- [Records provided]:
■ ■ ■

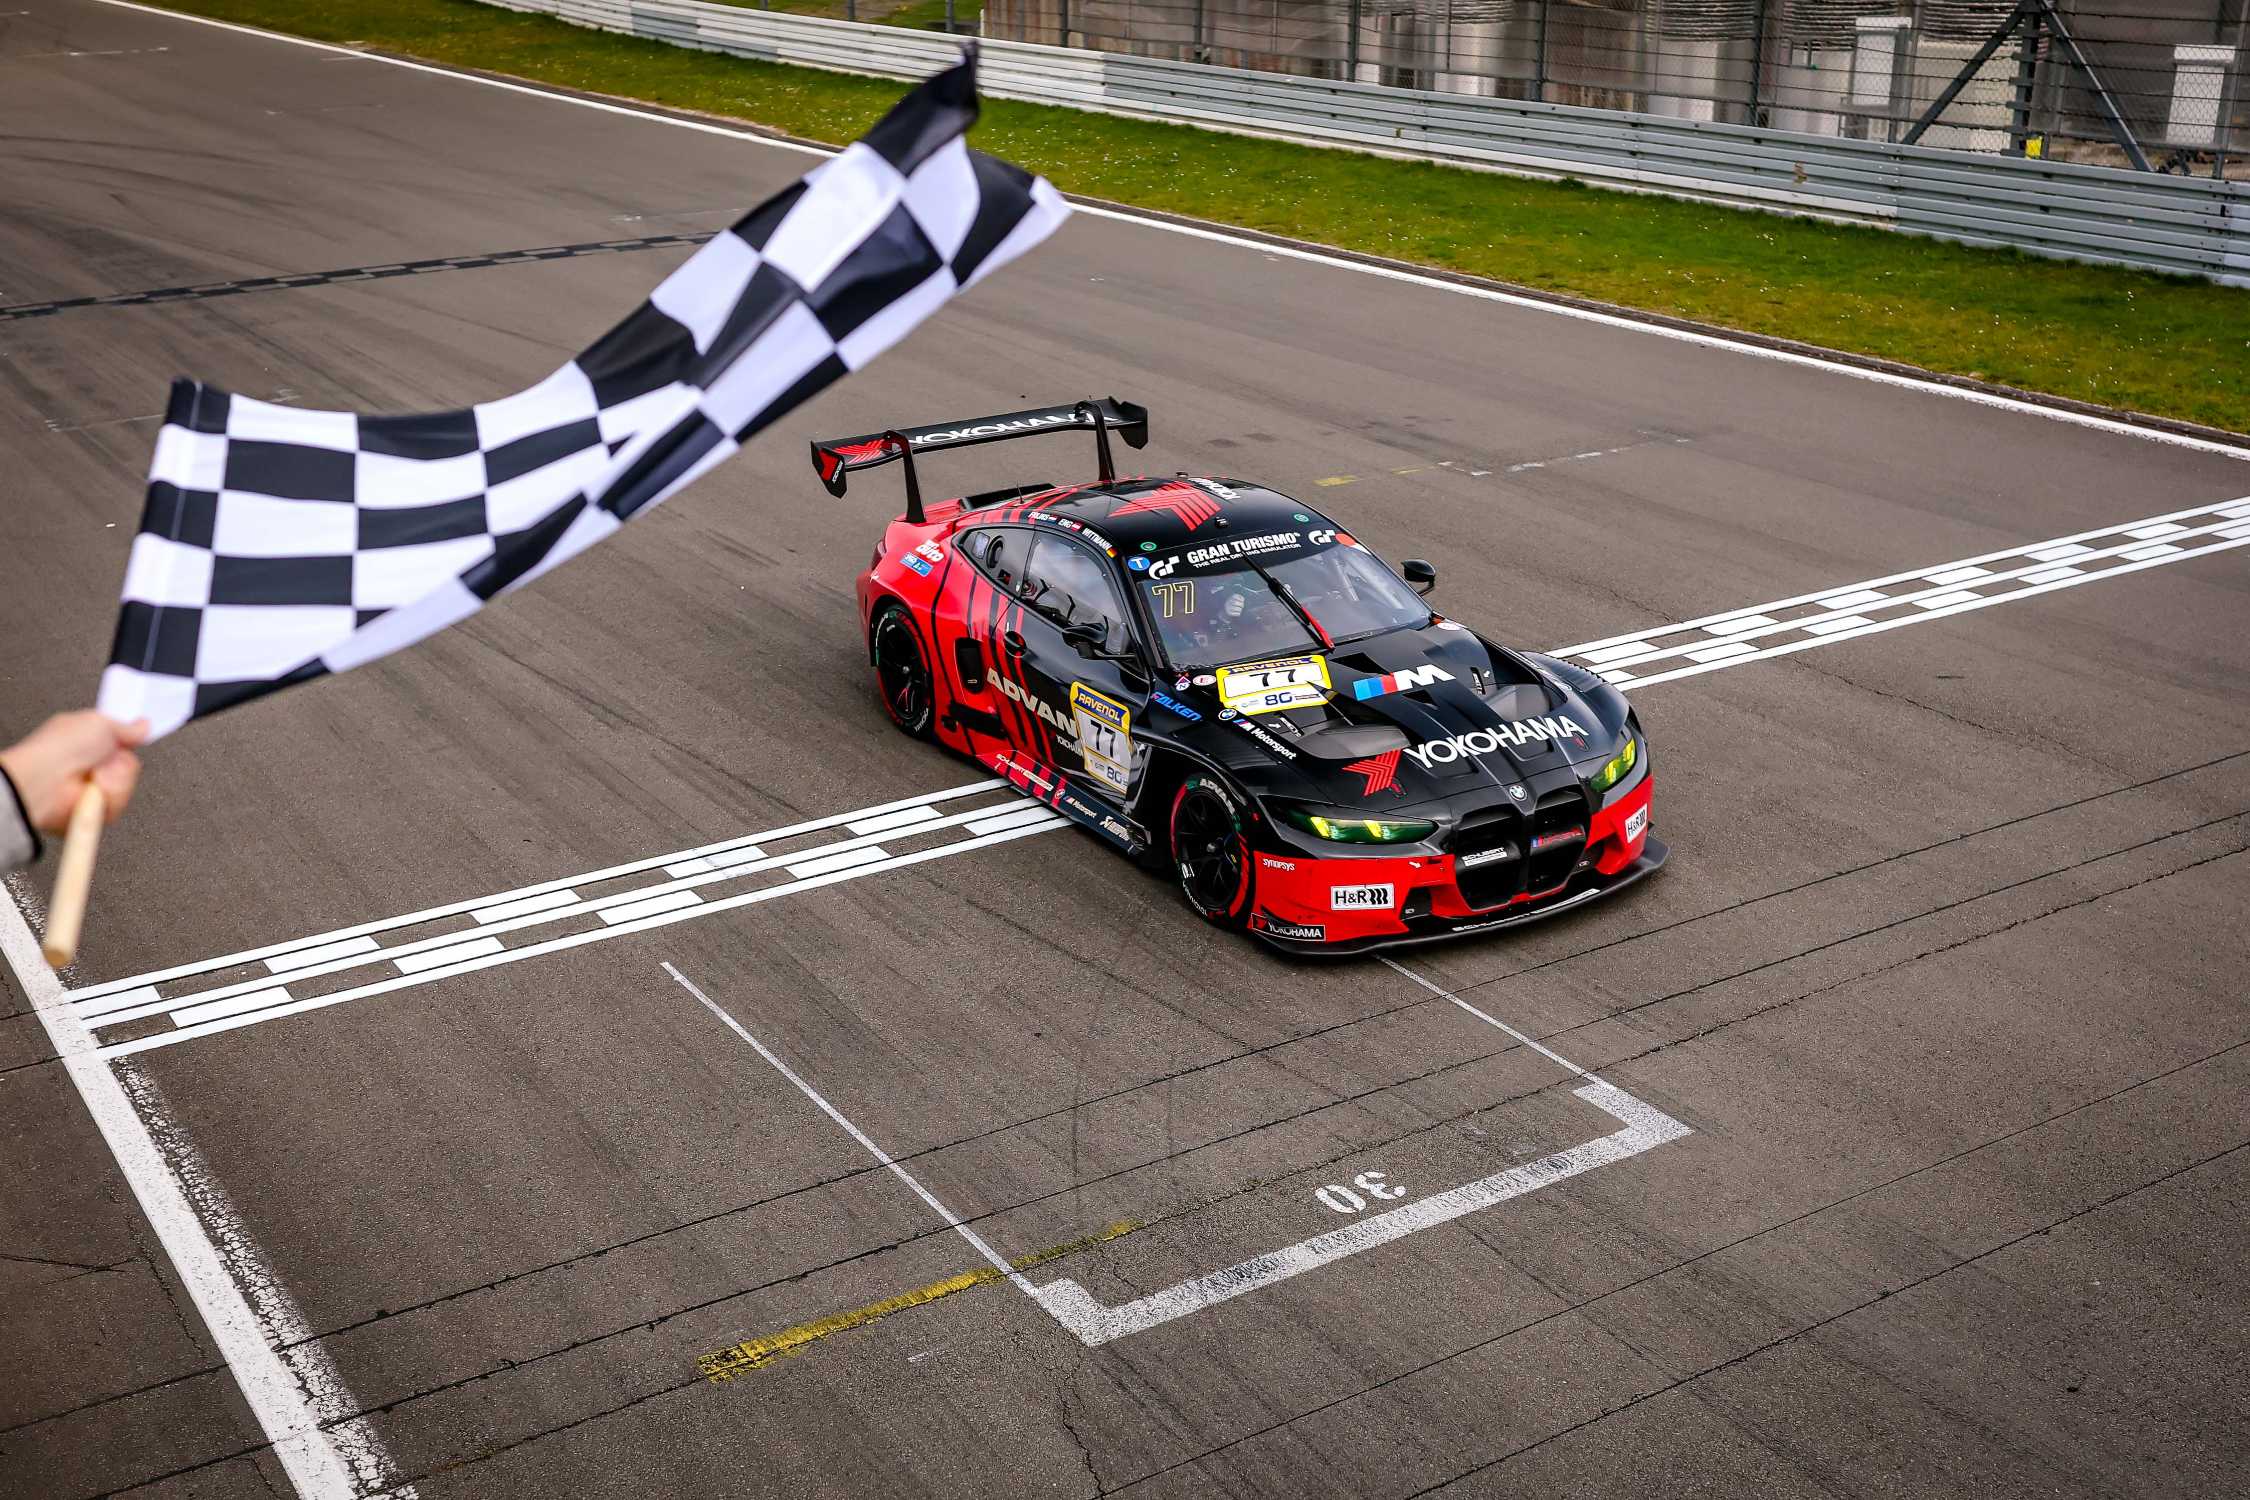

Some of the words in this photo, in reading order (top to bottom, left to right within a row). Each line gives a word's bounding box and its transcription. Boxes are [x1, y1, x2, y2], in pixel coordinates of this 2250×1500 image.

[1187, 543, 1231, 564] GRAN
[1231, 532, 1298, 556] TURISMO
[1193, 561, 1210, 569] THE
[1211, 555, 1230, 564] REAL
[1260, 543, 1302, 555] SIMULATOR
[1152, 580, 1194, 618] 77
[1233, 658, 1309, 673] RAVENOL
[1250, 668, 1296, 687] 77
[987, 667, 1080, 739] ADVAN
[1078, 693, 1120, 721] RAVENOL
[1090, 719, 1116, 758] 77
[1251, 728, 1297, 760] Motorsport
[1403, 715, 1590, 769] YOKOHAMA
[1334, 889, 1367, 905] H&R
[1315, 1171, 1407, 1214] 30

■ ■ ■

- [Brief]: The entries above need to be repeated word for word, minus their pictures.

- [Solution for this problem]:
Some of the words in this photo, in reading order (top to bottom, left to right within a row). Each line gives a word's bounding box and its transcription. Boxes are [x1, y1, x2, y2], in pixel coordinates of this 2250×1500 image.

[1187, 543, 1231, 564] GRAN
[1231, 532, 1298, 556] TURISMO
[1193, 561, 1210, 569] THE
[1211, 555, 1230, 564] REAL
[1260, 543, 1302, 555] SIMULATOR
[1152, 580, 1194, 618] 77
[1233, 658, 1309, 673] RAVENOL
[1250, 668, 1296, 687] 77
[987, 667, 1080, 739] ADVAN
[1078, 693, 1120, 721] RAVENOL
[1090, 719, 1116, 758] 77
[1251, 728, 1297, 760] Motorsport
[1403, 715, 1590, 769] YOKOHAMA
[1334, 889, 1367, 905] H&R
[1315, 1171, 1407, 1214] 30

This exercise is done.